Öncelikle genel manada kitap çok akıcı bir dil kullanılarak yazılmış. Kitabı okumaya ara vermek isteseniz de kitap sizi bırakmıyor. Hocam kitapta eğitimin bütün paydaşlarına değinerek genel değerlendirmelerde ve tekliflerde bulunmuş. Ama en dikkat çekici noktası ve eğitimin en önemli tarafı şüphesiz öğretmen yetiştirme kısmı. Öğretmen yetiştirme ile ilgili de çok önemli tespitleri olmuş hocamın. “Yeni Nesil Öğretmenler Neden Yetersiz?” başlığındaki tespitleri çok harika ve yerinde. Bu bölümde üstad Nurettin Topçu’dan şöyle bir alıntı yaparak meseleyi değerlendirmeye çalışmış. “Maarif demek, muallim (öğretmen9 demektir. Talebeyi işleyen, şekillendiren, terbiye eden, talim eden ve talim ettirendir. Bir ömür taşıyacağı ruhu veren kimsedir. Şahsiyetlerin manevi cephesine şekil verip istikametini belirleyen kişidir. Dünyanın en zor mesleği öğretmenlikte farklı zekâ ve özellikleri olan çocukları idare etmek, bir arada tutmak hem eğitici hem öğretici pozisyonunda onları motive etmek kolay iş değildir.”
Bütün toplumlar için en önemli mesele şüphesiz eğitim olmuştur. Bizim de hiçbir zaman değişmeyen, daima gündemde kalan ve güncel tutulmaya çalışılan meselemiz eğitimdir. Eğitim bir yandan insan yetiştirme yolu diğer yandan yarınları inşa etmenin yoludur. Bu sebeple hep söylene gelmiştir. Milletlerin ikbali için iki kudret lazım: “Marifet ve Fazilet.”

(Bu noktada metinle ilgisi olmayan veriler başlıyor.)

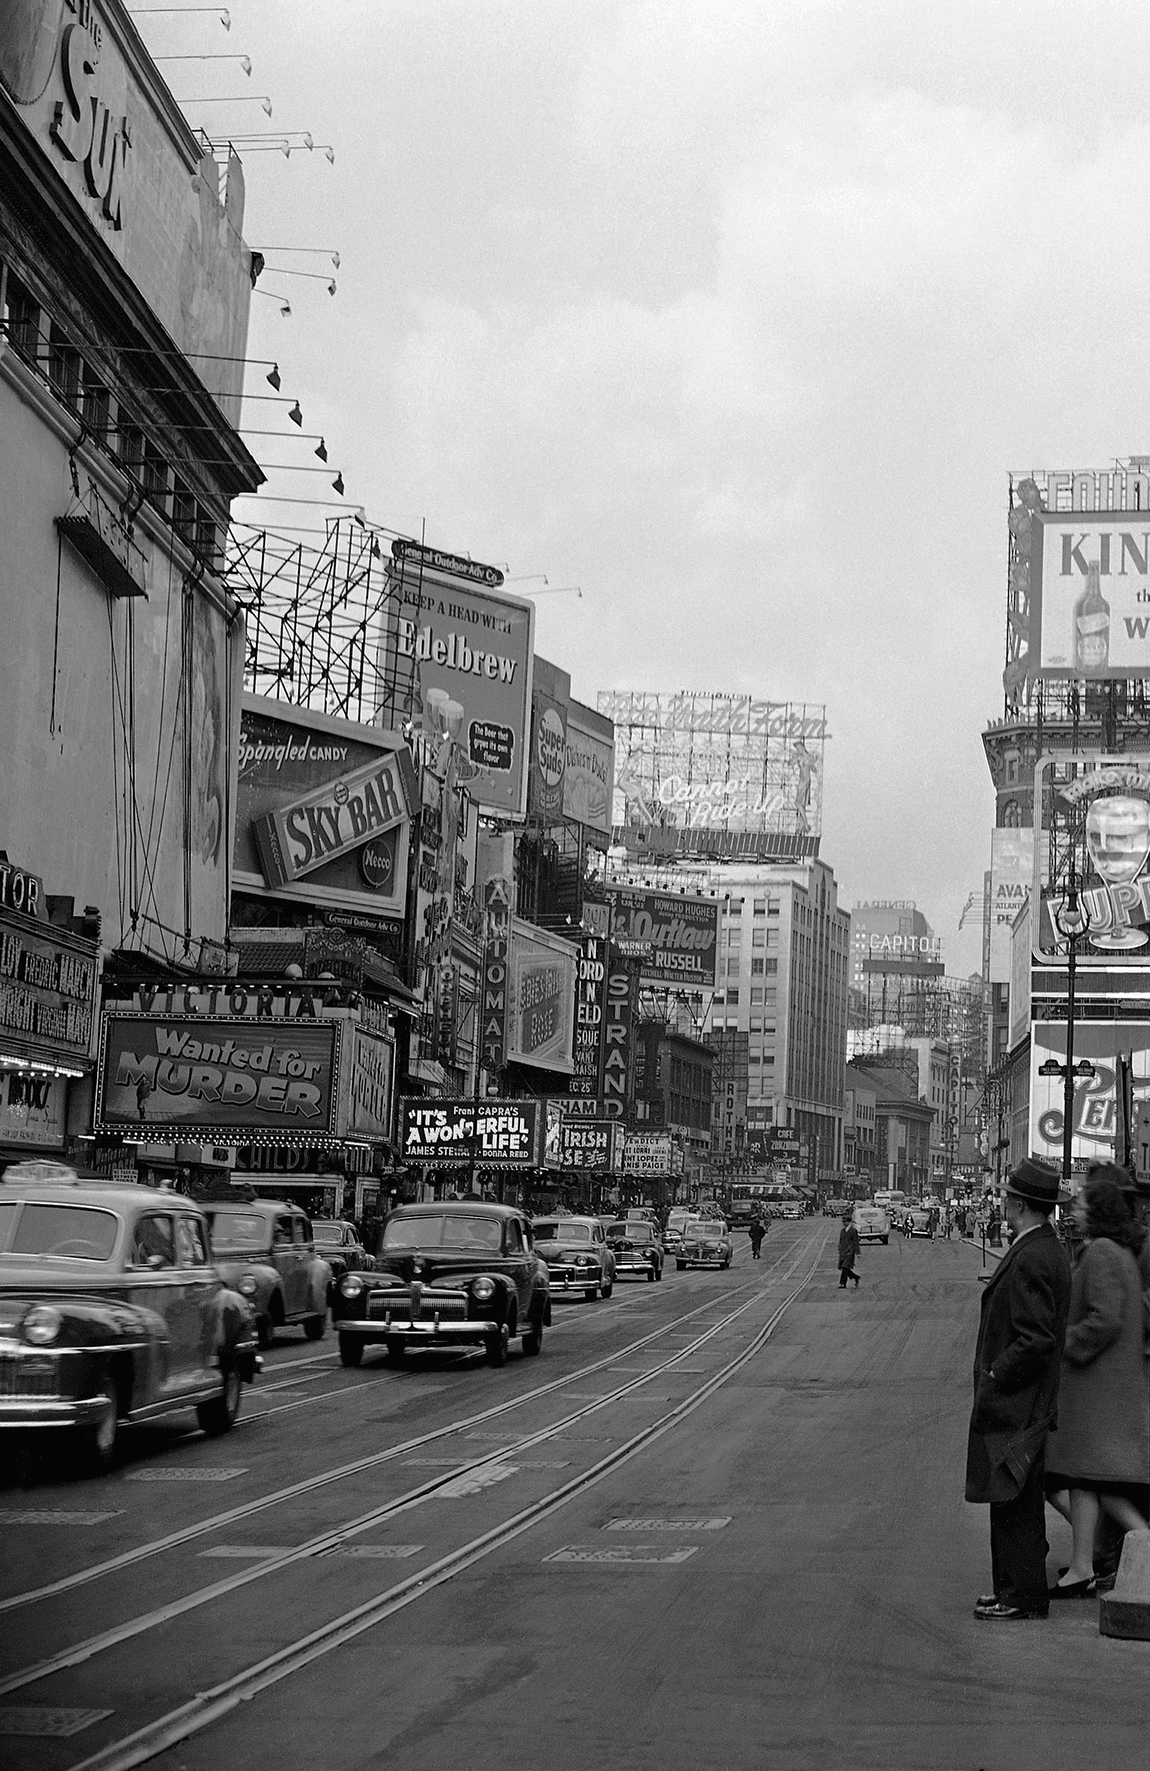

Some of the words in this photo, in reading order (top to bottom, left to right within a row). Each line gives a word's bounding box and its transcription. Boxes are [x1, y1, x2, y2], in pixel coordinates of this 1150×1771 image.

[435, 553, 468, 573] Outdoor
[468, 565, 485, 578] Adv
[403, 591, 434, 611] KEEP
[437, 601, 445, 615] A
[449, 603, 480, 624] HEAD
[480, 613, 511, 634] WITH
[400, 618, 518, 684] Edelbrew
[474, 725, 484, 735] The
[539, 718, 566, 753] Super
[239, 732, 311, 770] Spangled
[309, 747, 348, 761] CANDY
[539, 744, 562, 775] Suds
[286, 807, 345, 870] SKY
[347, 768, 401, 839] BAR
[365, 850, 391, 870] Necco
[654, 899, 683, 914] HOWARD
[685, 905, 716, 919] HUGHES
[630, 910, 715, 951] Outlaw
[870, 934, 940, 953] CAPITOL
[618, 942, 651, 951] WARNER
[656, 951, 703, 972] RUSSELL
[24, 951, 59, 991] FREDRIC
[59, 954, 94, 1000] MARCH
[485, 884, 511, 1061] AUTOMAT
[139, 984, 316, 1017] VICTORIA
[155, 1027, 273, 1073] Wanted
[277, 1050, 321, 1080] for
[603, 974, 629, 1116] STRAND
[115, 1051, 323, 1118] MURDER
[478, 1106, 519, 1117] CAPRA'S
[726, 1082, 736, 1152] ROTHS
[405, 1127, 421, 1145] A
[423, 1116, 529, 1143] WONDERFUL
[482, 1134, 529, 1150] LIFE"
[564, 1129, 607, 1148] IRISH
[777, 1130, 794, 1139] CAFE
[236, 1146, 310, 1170] CHILDS
[405, 1146, 435, 1156] JAMES
[438, 1146, 478, 1157] STEWAT
[509, 1150, 529, 1158] REED

Üzülerek ifade etmek zorundayım ki; Türkiye’deki uzun yıllardır uygulana gelen mevcut eğitim sisteminden hem ebeveynler hem eğitimciler hem de eğitimin uygulayıcıları memnun değil. Bunu da zaman zaman dile getiriyorlar. Yap boz tahtası gibi her gelen bakan da eğitime bir çomak sokup bir şeyleri katıp karıştırıp sonra bana müsaade deyip kenara çekiliyor. Son 30 yıldır gelen bakanları şöyle bir incelediğimiz de her gelen kendi yoğurt yiyişine göre bir şeyler yapmaya çalışmış. Ancak şuna hiç rastlamadık gelen her bakan kendisinden önceki bakanın uyguladığı, yapmaya çalıştığı işleri devam ettirmedi. Her gelen sanki enkaz devir almış gibi yeni bir şeyler söylemeye ve yapmaya başladı. Buradan şunu anlıyoruz Türkiye uzun yıllar devam ettirebileceği bir eğitim sistemini bulabilmiş ve uygulamaya geçebilmiş değil. Deneme yanılma yoluyla doğru bir eğitim sistemi bulabilmek için çocuklar da denek olarak kullanılarak hala bir sistem inşa etmeye çalışıyor. Bu gidişle de daha çok bize uyacak bir sistemi aramaya devam edeceğiz gibi duruyor.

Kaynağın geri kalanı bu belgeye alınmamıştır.